▽

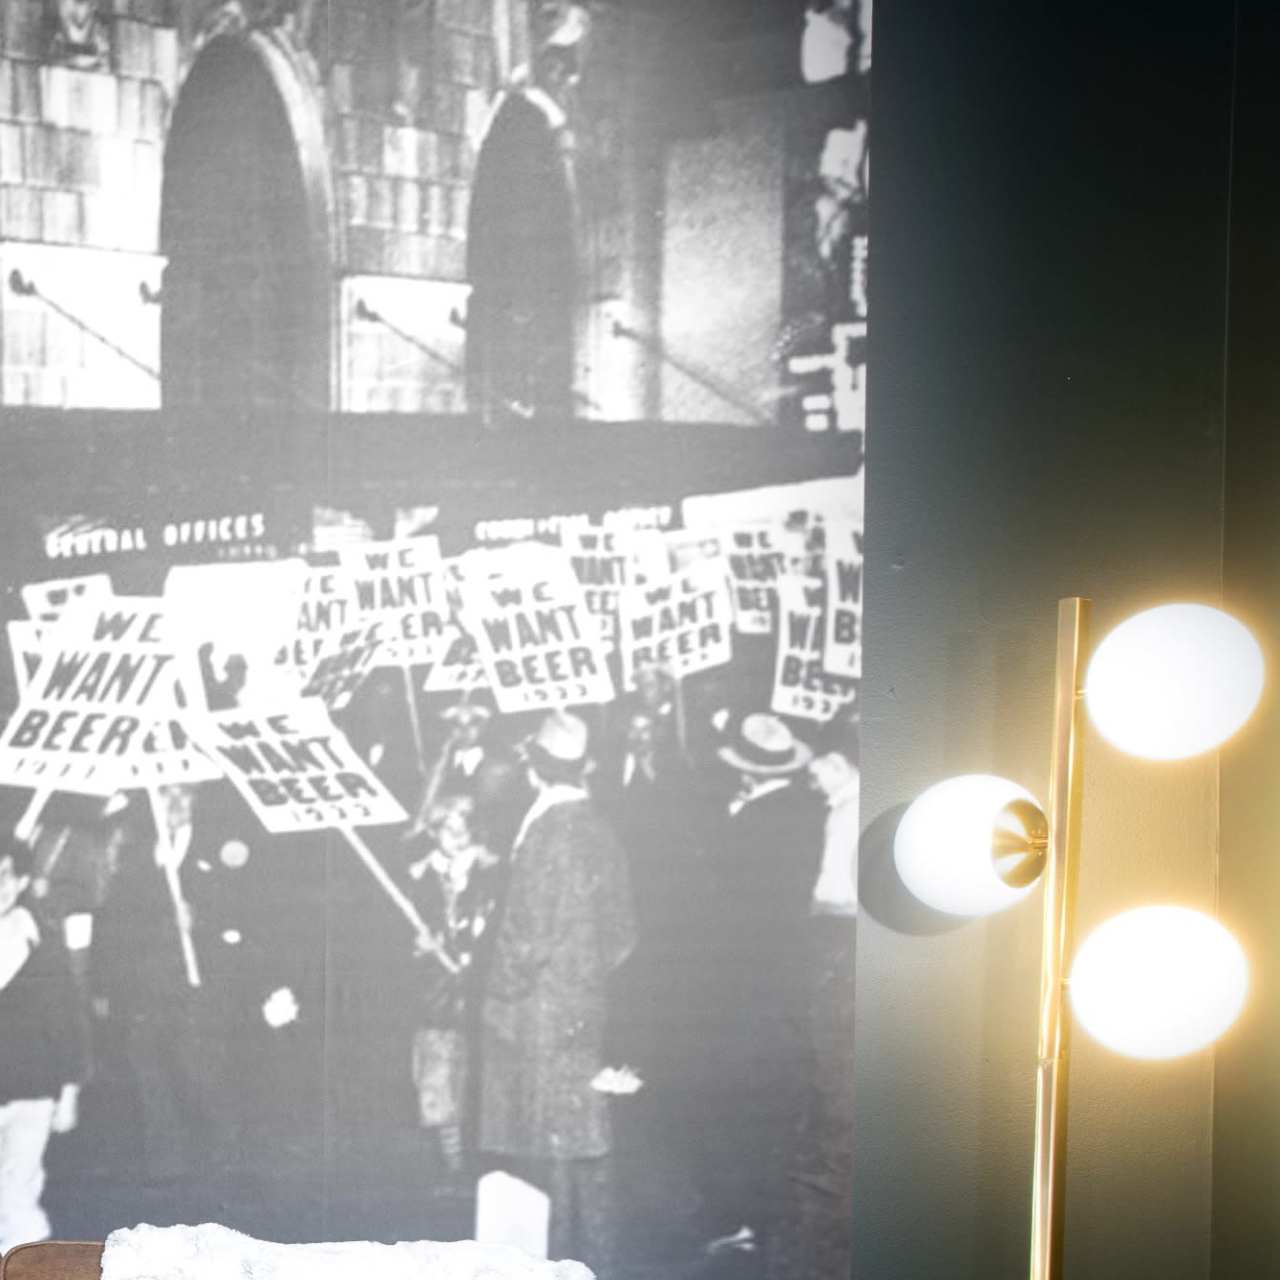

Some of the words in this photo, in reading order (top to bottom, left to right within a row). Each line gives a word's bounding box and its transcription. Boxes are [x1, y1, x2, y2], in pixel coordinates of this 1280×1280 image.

[163, 513, 265, 546] OFFICES
[366, 548, 414, 570] WE
[355, 572, 432, 610] WANT
[491, 581, 554, 608] WE
[94, 611, 163, 643] WE
[481, 603, 585, 652] WANT
[631, 591, 716, 640] WANT
[42, 651, 173, 705] WANT
[493, 646, 599, 690] BEER
[8, 708, 140, 755] BEER
[218, 714, 298, 740] WE
[217, 737, 345, 774] WANT
[248, 772, 377, 806] BEER

△

### Aim of the task:
Could you retype each line of the material above exactly, skipping the pictures?

### Exercise answer:
Some of the words in this photo, in reading order (top to bottom, left to right within a row). Each line gives a word's bounding box and its transcription. Boxes are [x1, y1, x2, y2], in pixel coordinates of this 1280×1280 image.

[163, 513, 265, 546] OFFICES
[366, 548, 414, 570] WE
[355, 572, 432, 610] WANT
[491, 581, 554, 608] WE
[94, 611, 163, 643] WE
[481, 603, 585, 652] WANT
[631, 591, 716, 640] WANT
[42, 651, 173, 705] WANT
[493, 646, 599, 690] BEER
[8, 708, 140, 755] BEER
[218, 714, 298, 740] WE
[217, 737, 345, 774] WANT
[248, 772, 377, 806] BEER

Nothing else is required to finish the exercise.